AN ancient samurai maxim holds that "the angry man will defeat himself in battle as well as in life". This wisdom is taken to heart at the newly established Phnom Penh Kendo Club, the swash-buckling Japanese martial art of swordsmanship.
Apart from skill, stamina and technique, qualities that reign at this club's dojo also include fun, friendship and mutual respect.
Kendo originally evolved from the fighting art of kenjutsu, which dates back to the 11th century and was a samurai's most important martial art.
Nowadays the practice has developed into an immensely popular sport in Japan, with an estimated 4 million practitioners nationwide and another 2 million outside the country, five of whom are now training in Cambodia.
"It's very informal," says Adam McNeil, one of the club's three founding members. "The idea of a kendo club was born over a sushi meal at the end of February. Regular training only started in May."
At the time of writing the club's kendoka, as practitioners of kendo are called, hailed from Japan, Australia and the Fiji islands. A new Cambodian member was expected to be joining their ranks.
"We're trying to attract both Cambodians and foreigners - everybody is welcome," says Kanako Kobayashi. She studied kendo for two years in Japan at middle school before she moved to Cambodia a year ago. Her personal motivations for practising the art are health and enjoyment.
But there's much more to kendo than just a fun workout. "To cultivate a vigorous spirit" and "to associate with others with sincerity" are just two of the seven purposes of kendo training that were published in 1975 by the All Japan Kendo Federation.
These spiritual elements are for Hiroyuki Takeuchi the main reasons for practising Kendo.
"When you train, you use what is called kia - the loud shouts that accompany attacks - thereby channeling ki. To me this has the effect of cleansing the mind," he says.
The ki he refers to is life energy, known by the Chinese as qi or chi.
Nowadays the samurai-era razor-sharp katana swords have mercifully been replaced by bamboo practice sticks called shinai. In modern kendo, strikes are made only to specific body parts - head, wrists and torso - and must be executed with a disciplined blend of precision and technique. For advanced kendoka, thrusts to the neck can be added to their arsenal.
If all this sounds intimidating, extensive body armour, which would make any Star Wars aficionado envious, reduces the risk of injury considerably. The impressive protective gear, or bogu, has been developed and fine-tuned over the decades, adding much to the traditional image of kendo. As if that weren't enough, beneath the bogu a special robe, or kendogi, is worn (usually black for men and white for women). Finally, to make the helmet with its distinctive metal grille fit more comfortably, a cotton towel is wrapped around the practitioner's head.

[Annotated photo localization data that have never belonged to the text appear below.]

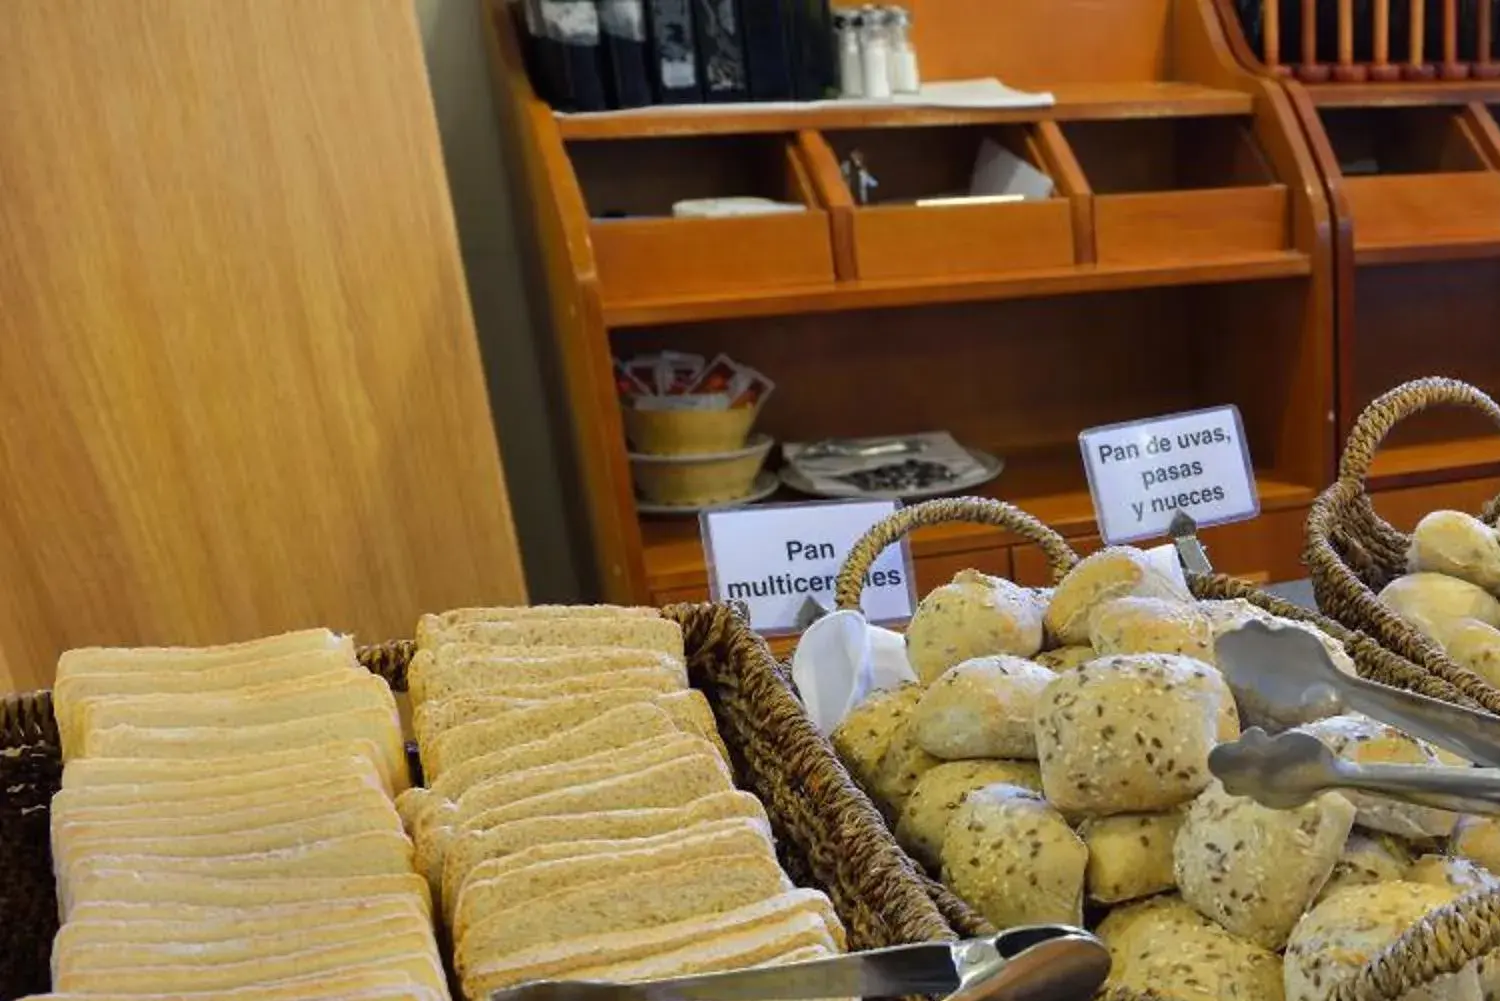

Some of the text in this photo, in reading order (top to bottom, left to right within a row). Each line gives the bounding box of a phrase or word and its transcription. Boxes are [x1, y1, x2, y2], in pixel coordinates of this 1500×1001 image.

[1099, 426, 1231, 464] Pan de uvas,
[1142, 460, 1203, 491] pasas
[1132, 485, 1225, 522] y nueces
[787, 540, 835, 561] Pan
[728, 569, 901, 598] multicerles

However, new students shouldn't worry about acquiring all the right gear.
"Initially they don't need to have equipment. We have extra shinai, and beginners won't need to wear the armour for a number of months, until they have learnt all the basics," reassures Adam Mcneil.
Moreover, for now, joining Phnom Penh's new kendo club is free. "Just come and train for a while, and if you want to stay longer, then we might ask something to share the costs," adds McNeil.

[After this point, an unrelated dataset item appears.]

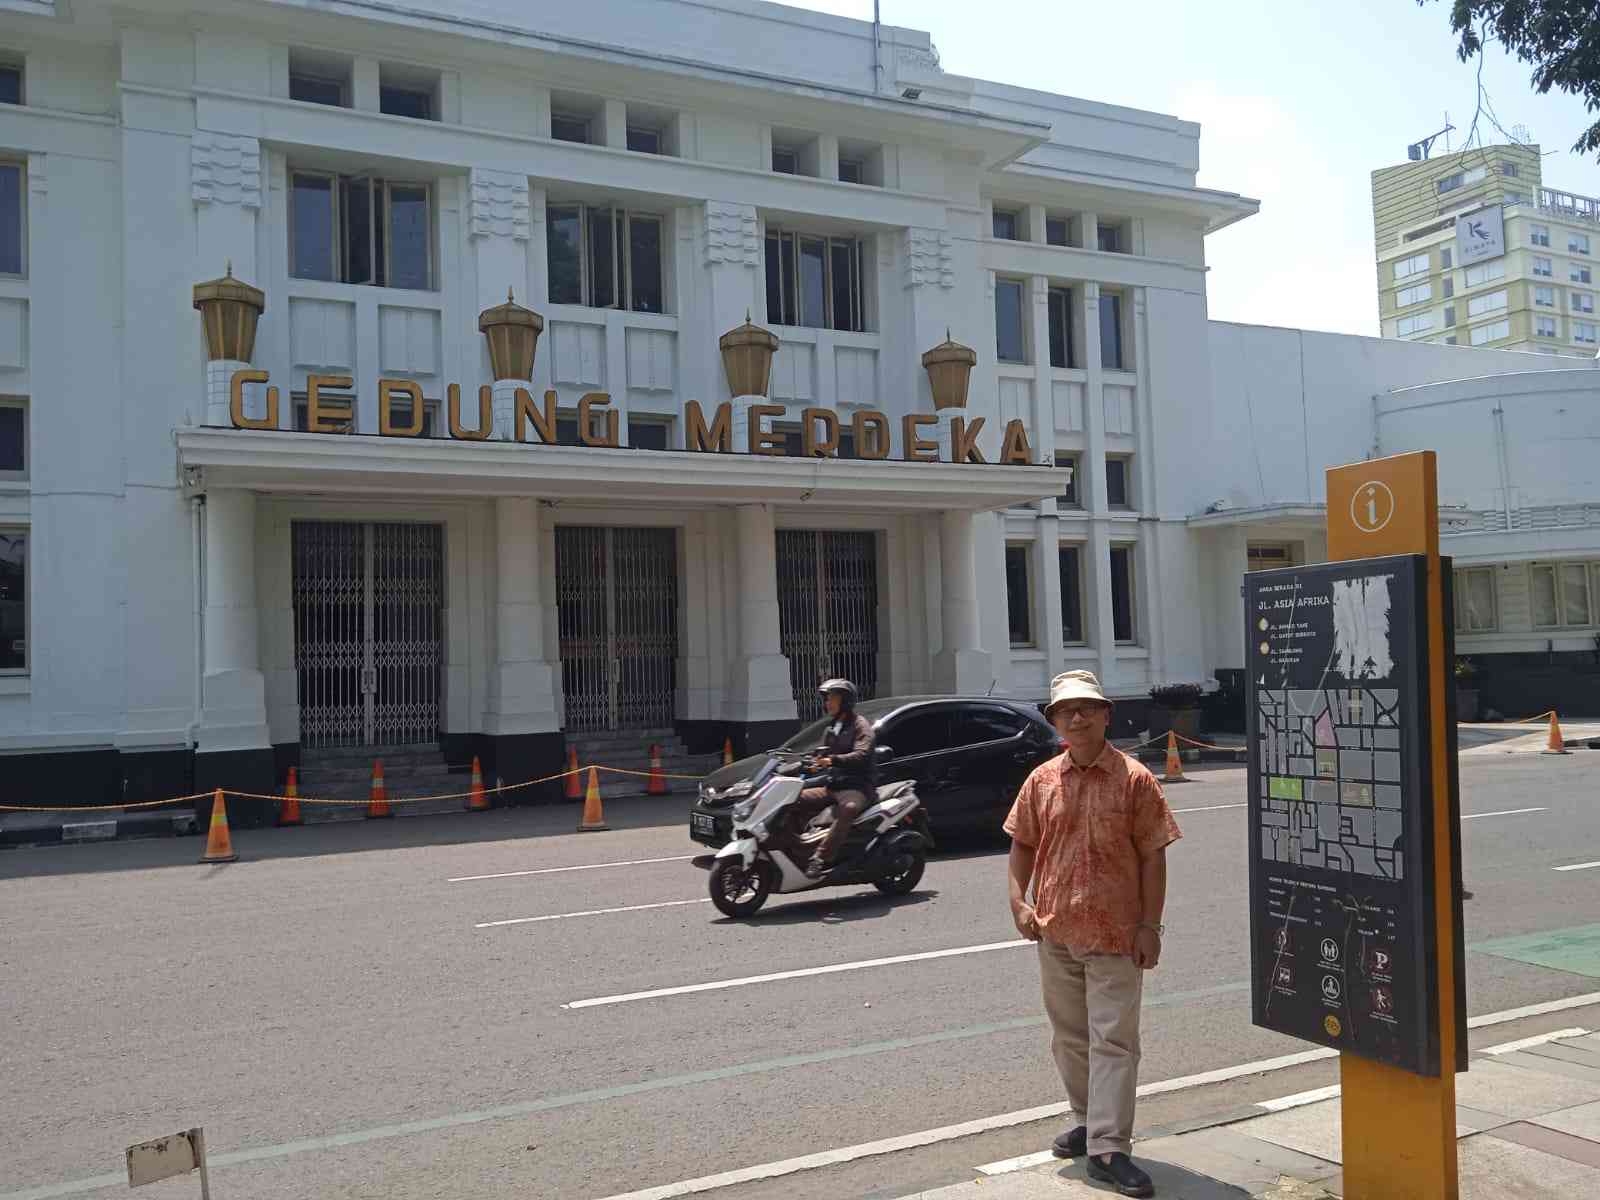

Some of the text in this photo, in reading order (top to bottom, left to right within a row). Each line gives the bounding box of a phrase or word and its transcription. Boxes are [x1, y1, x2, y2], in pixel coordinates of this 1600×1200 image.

[230, 370, 1033, 464] GEDUNG MERDEKA
[1258, 595, 1330, 610] JL. ASIA AFRIKA

Training usually commences with a short warm-up session followed by practising basic cuts and footwork; these are universal skill sets shared by kendo schools worldwide. Then there's training of techniques before the group finishes with bouts of sparring.
A traditional ceremony, consisting of a formal bow and some brief meditation, opens and closes each session.
Thanks to the Cambodian-Japan Cooperation Center (CJCC), the club can make use of a modern, spacious gymnasium-style hall with a wooden floor, ideal for Kendo. As each strike is delivered with a simultaneous stamp of the front foot, the springy wood minimises jolting of the joints.
If you think kendo is only for men, think again. Three of the current five kendoka are women. Artiko Takeuchi, from Fiji, and Evelyn Dalley, from Australia, just had their first class. "As a female, the presence of another woman made it easier for me to join," says Artiko.
"It's so different from other sports. It requires a lot of concentration, but at the same time it's very physical. It's also a nice chance to socialise and engage in doing something collectively," she adds.
Training is every Tuesday, starting at 6:30-7pm and finishing around 8:30pm. The group plans twice-weekly classes when more students join.